'Unless' #x2026;

By Hillel Italie

Associated Press

NEW YORK -- The woman who answers the phone at Carol Shields' house has so light and clear a voice you think it belongs to one of the author's four daughters. But Shields herself is speaking. And however young she sounds, she does not pretend to have the luck of time.

The 66-year-old fiction writer, winner of the Pulitzer Prize for "The Stone Diaries," was diagnosed four years ago with breast cancer, and a mastectomy, chemotherapy and radiation did not prevent the disease from spreading.

Now terminally ill, she expects her new novel, "Unless," to be her last. Her book "tour" is largely confined to her home in Victoria, British Columbia.


"I felt I owed my publisher something, and the phone is the best way to do it," Shields says when asked why she agreed to do interviews.

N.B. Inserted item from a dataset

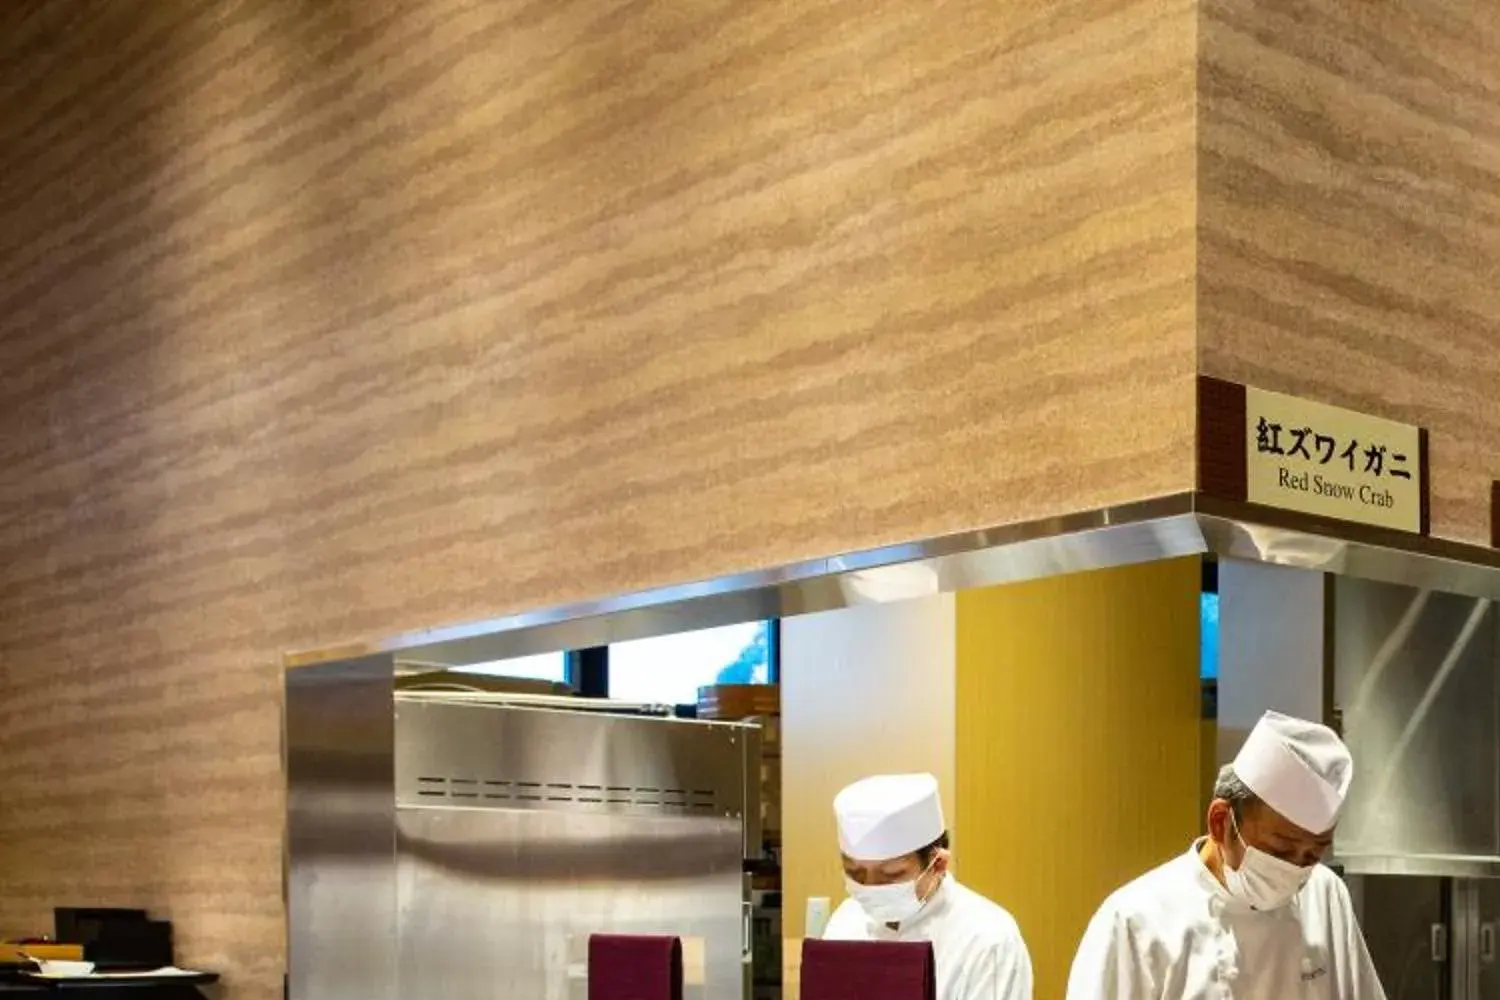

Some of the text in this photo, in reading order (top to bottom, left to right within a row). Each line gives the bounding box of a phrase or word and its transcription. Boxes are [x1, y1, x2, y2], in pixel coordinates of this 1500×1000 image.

[1256, 416, 1411, 480] 紅ズワイガニ
[1279, 467, 1394, 509] Red Snow Crab
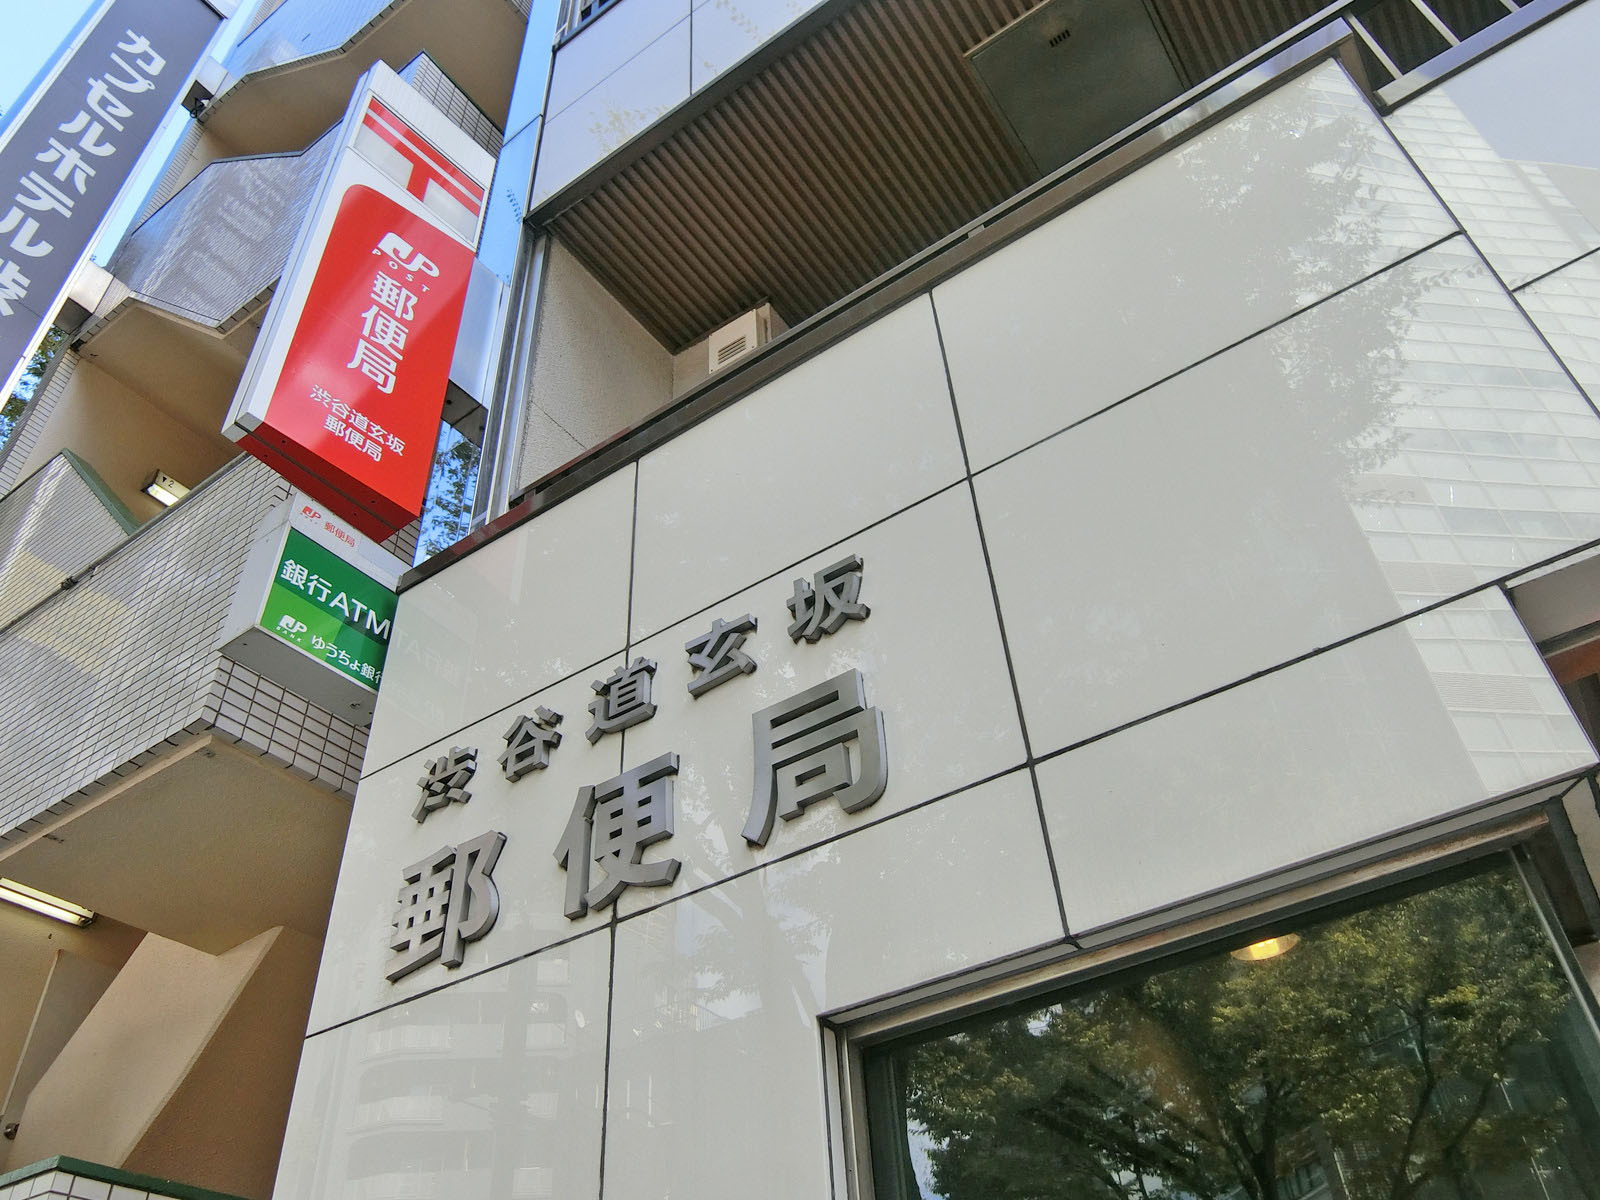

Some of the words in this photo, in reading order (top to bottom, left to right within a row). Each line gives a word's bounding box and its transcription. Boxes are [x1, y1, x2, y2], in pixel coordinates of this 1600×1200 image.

A native of Oak Park, Ill., Shields has lived more than 40 years in Canada and writers there are paying tribute while she is still alive. At a recent gathering in Toronto, Margaret Atwood, Michael Ondaatje and others praised both Shields and her books, with Ondaatje calling "The Stone Diaries" a work of uncommon insight.

"It was very moving," Shields says. "It's unusual to hear writers say such wonderful things about each other."

Getting it down

Admirers have celebrated the very existence of "Unless," the story of a writer whose daughter suddenly chooses to live on the street. Shields enjoyed a few months of relative good health last year and hurried to get the book done.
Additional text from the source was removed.